*** SUPPLIED RECORDS ***

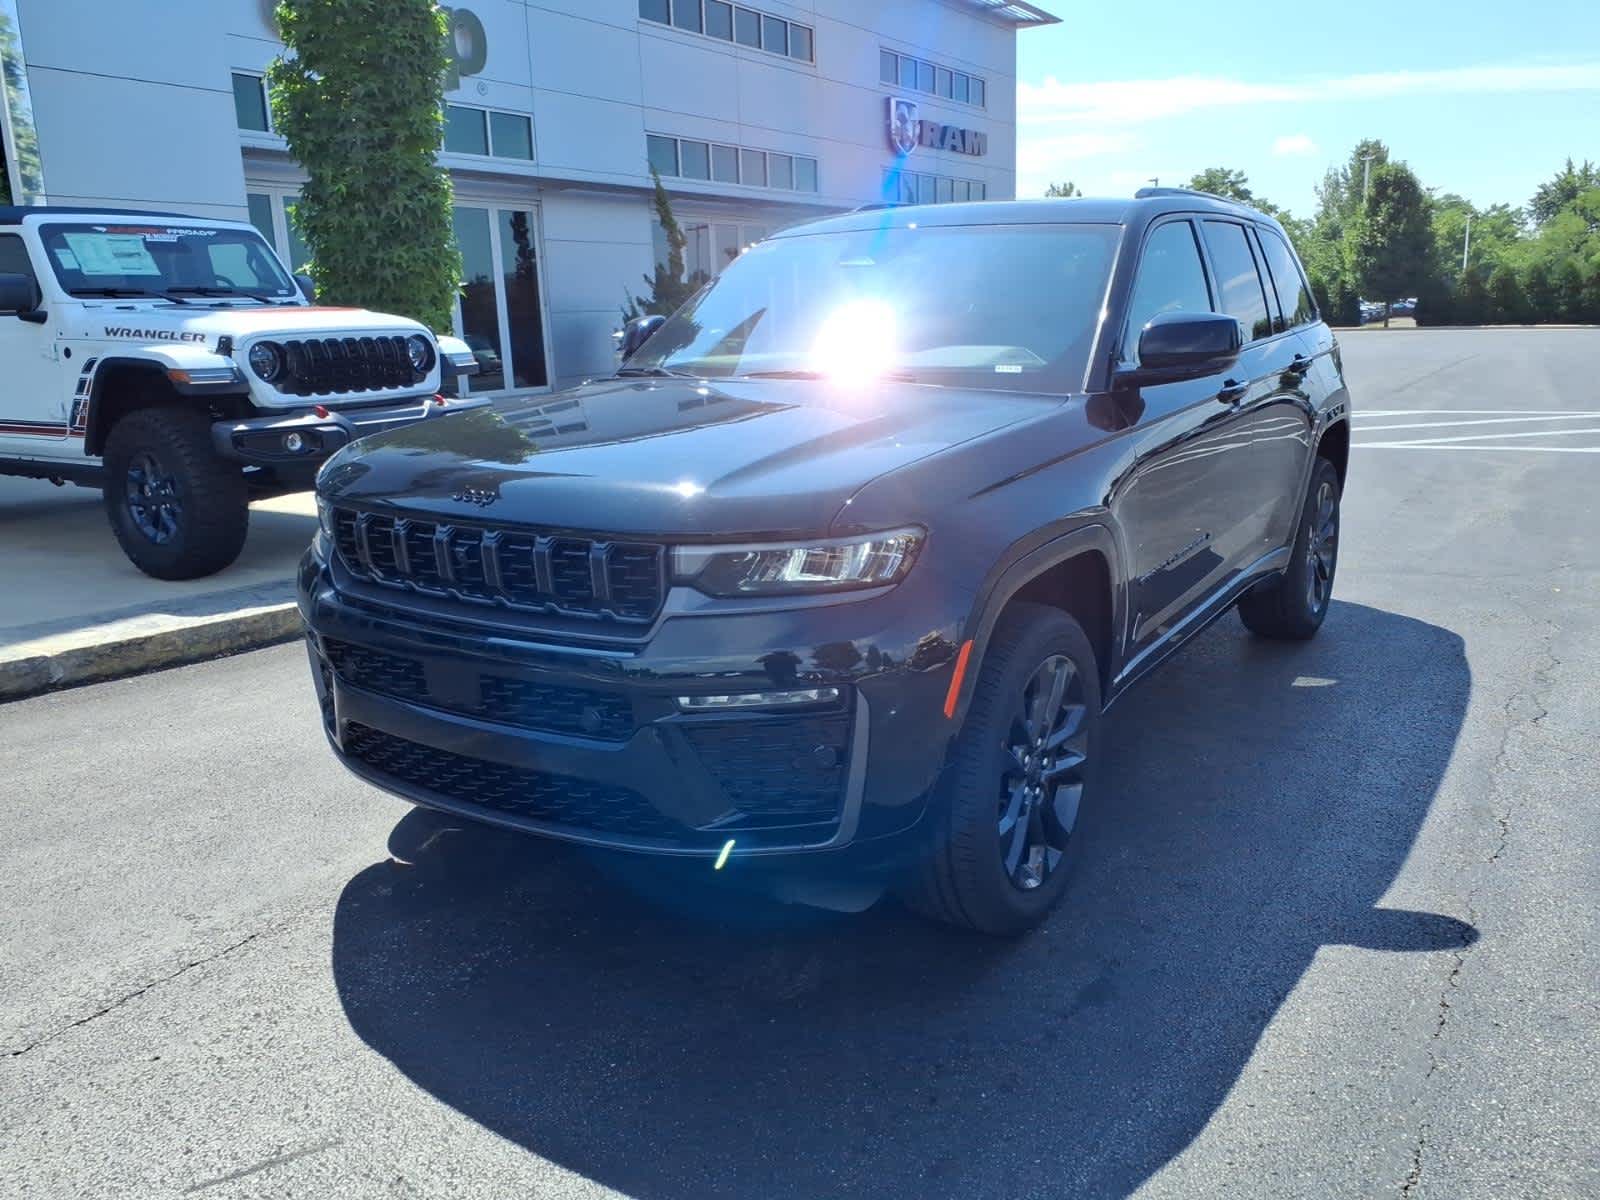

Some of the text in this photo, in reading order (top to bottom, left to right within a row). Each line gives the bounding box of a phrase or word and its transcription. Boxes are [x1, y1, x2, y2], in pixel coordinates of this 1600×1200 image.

[919, 120, 987, 156] RAM
[104, 326, 206, 343] WRANGLER
[451, 488, 496, 508] Jeep
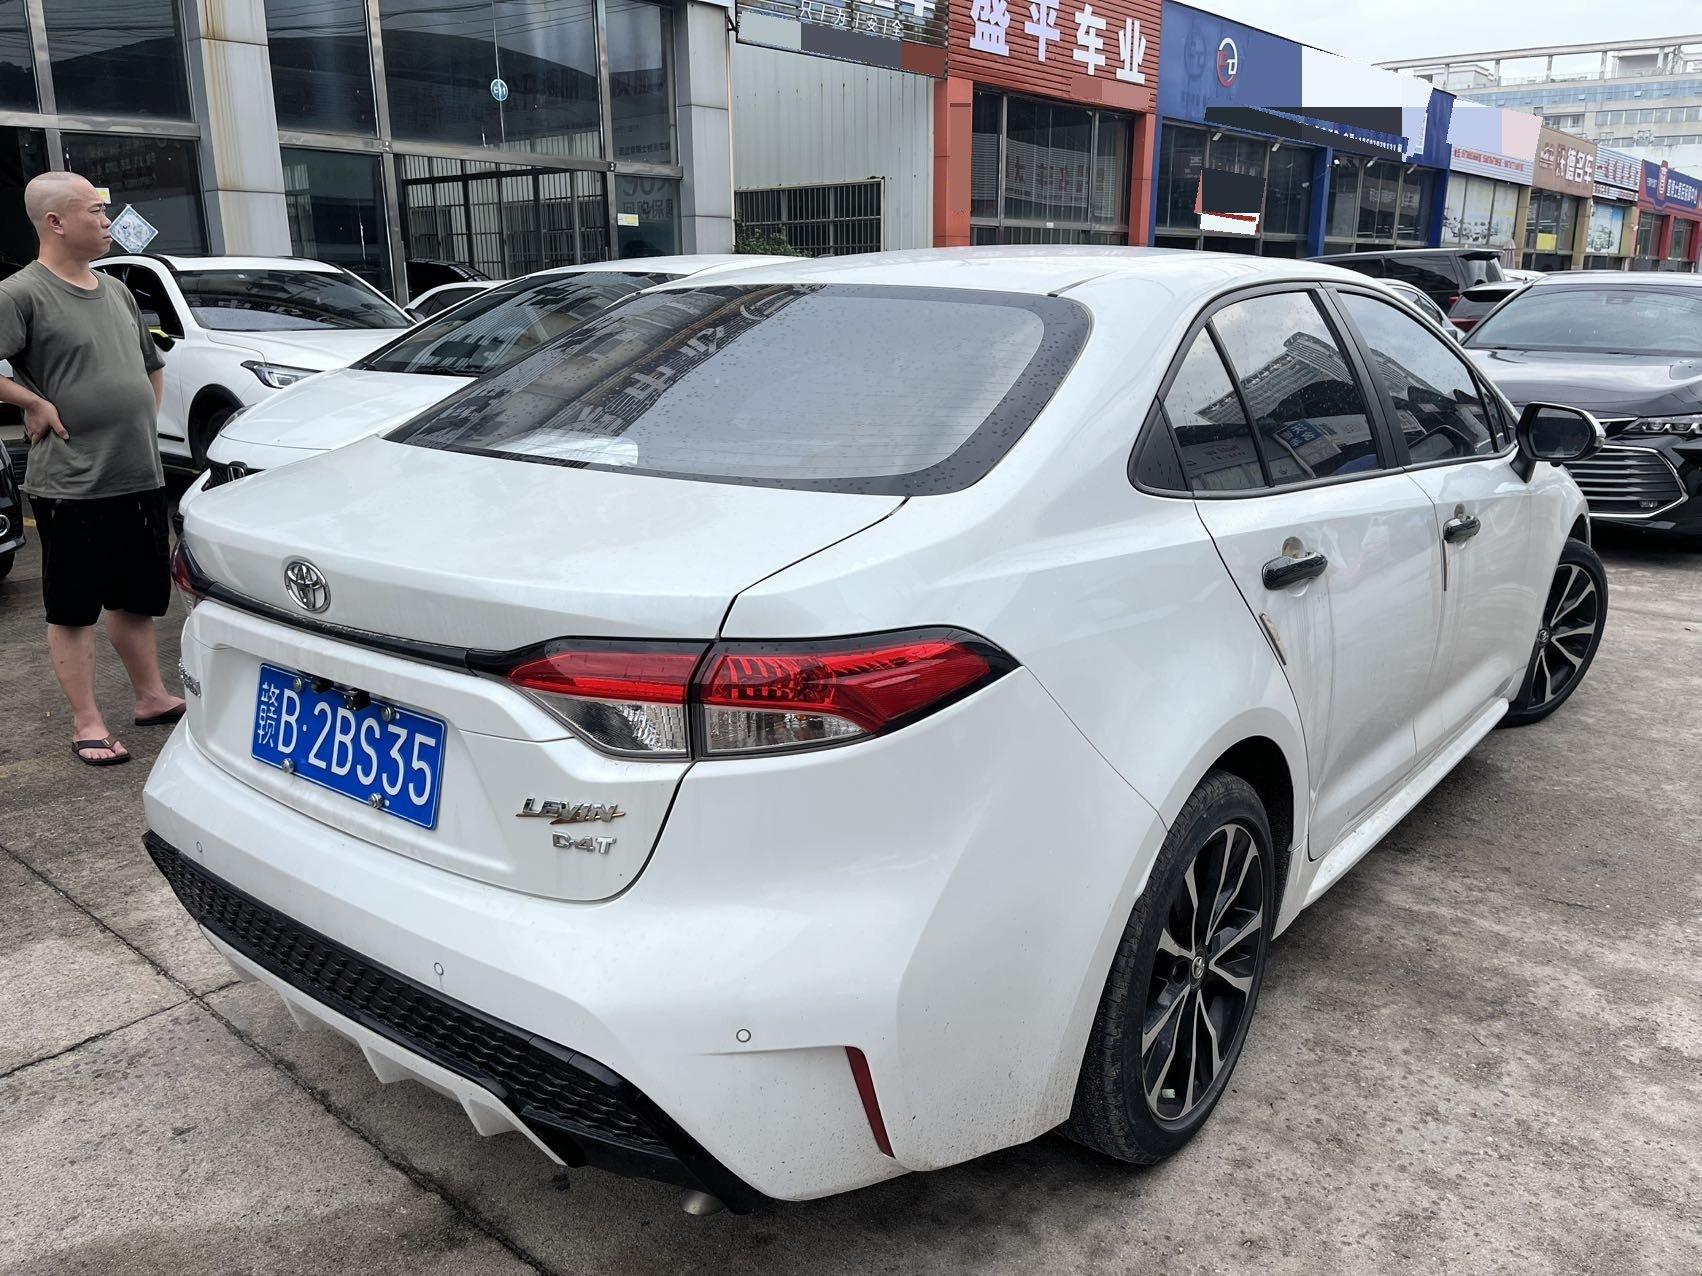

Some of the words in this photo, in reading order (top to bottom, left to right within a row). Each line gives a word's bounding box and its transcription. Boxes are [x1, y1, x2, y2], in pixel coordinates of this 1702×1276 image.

[969, 0, 1146, 84] 盛平车业
[521, 797, 618, 823] LEVIN
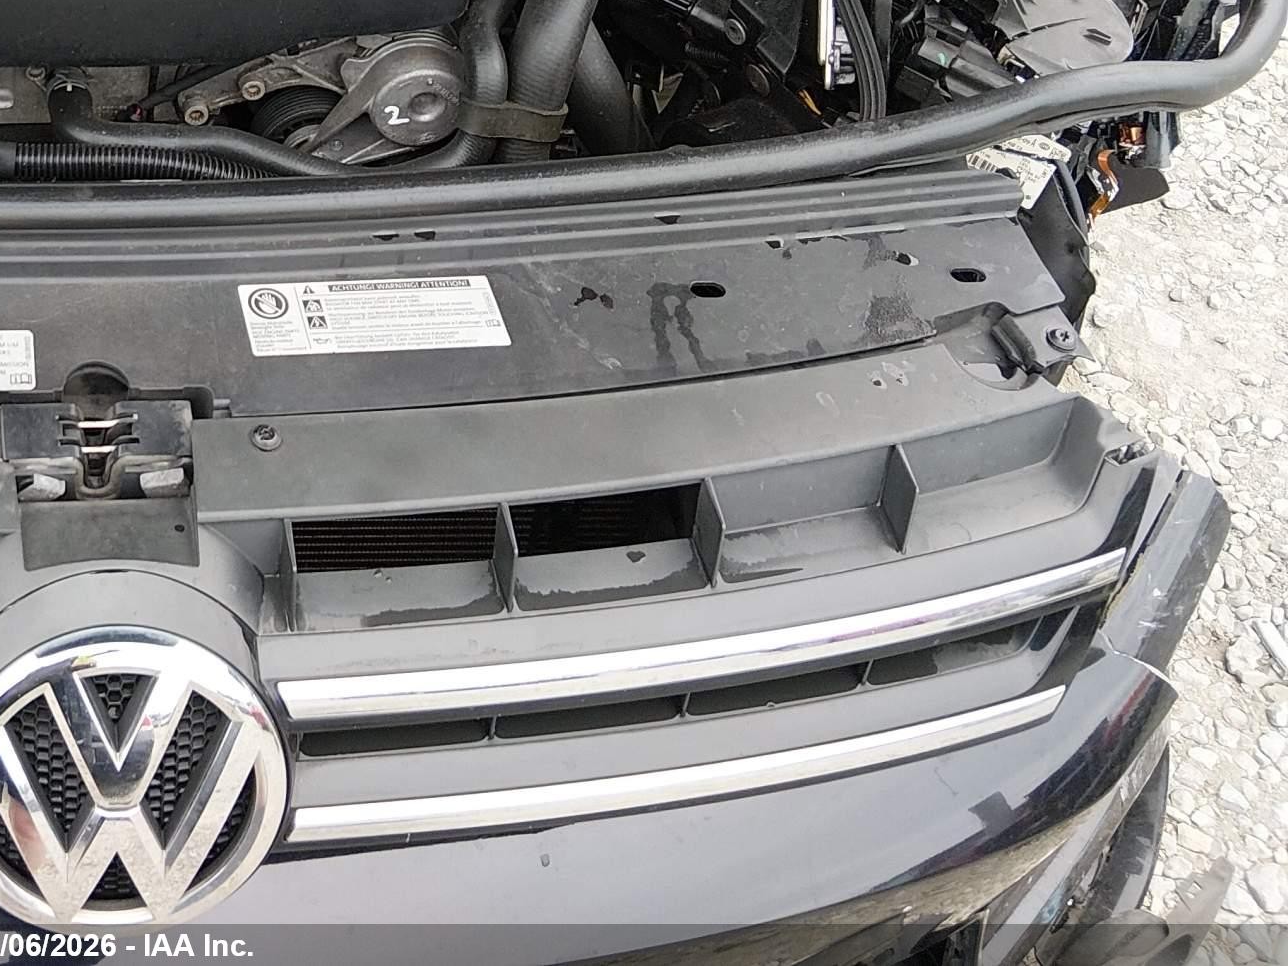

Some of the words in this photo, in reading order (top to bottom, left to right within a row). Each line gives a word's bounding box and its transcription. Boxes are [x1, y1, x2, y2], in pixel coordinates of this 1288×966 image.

[384, 105, 410, 125] 2
[332, 283, 374, 292] ACHTUNG!
[376, 281, 418, 290] WARNING!
[419, 279, 468, 288] ATTENTION!
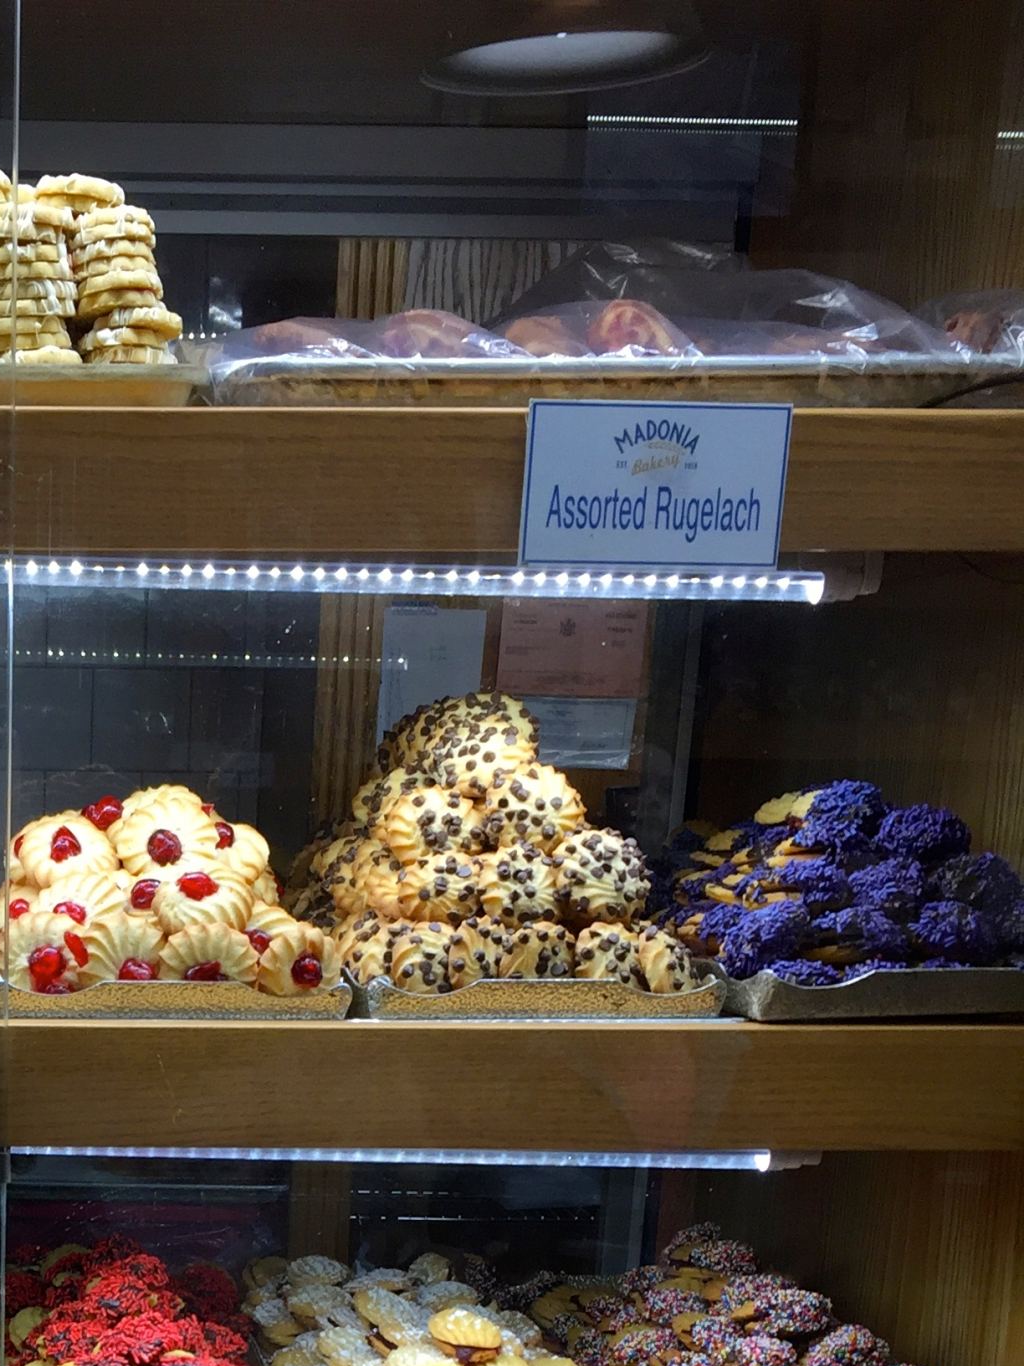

***

◆ DIRECTIONS ◆
All the records above must be retyped exactly, except for their pictures.

◆ ANSWER BOX ◆
Some of the text in this photo, in reading order (top to bottom, left to right within a row). Each line gives the bounding box of a phrase or word and its transcription. Boxes are [x1, y1, x2, y2], in pixel coordinates of this 1600×1200 image.

[919, 120, 987, 156] RAM
[104, 326, 206, 343] WRANGLER
[451, 488, 496, 508] Jeep

Some of the words in this photo, in reading order (top to bottom, left to right within a row). Each line gives a word's bounding box and its transcription. Boxes are [x1, y1, x2, y2], in pixel coordinates of this 1702×1276 image.

[969, 0, 1146, 84] 盛平车业
[521, 797, 618, 823] LEVIN

Some of the words in this photo, in reading order (top to bottom, left to right within a row). Each line gives a word's bounding box and its transcription. Boxes are [x1, y1, x2, y2], in pixel coordinates of this 1288×966 image.

[384, 105, 410, 125] 2
[332, 283, 374, 292] ACHTUNG!
[376, 281, 418, 290] WARNING!
[419, 279, 468, 288] ATTENTION!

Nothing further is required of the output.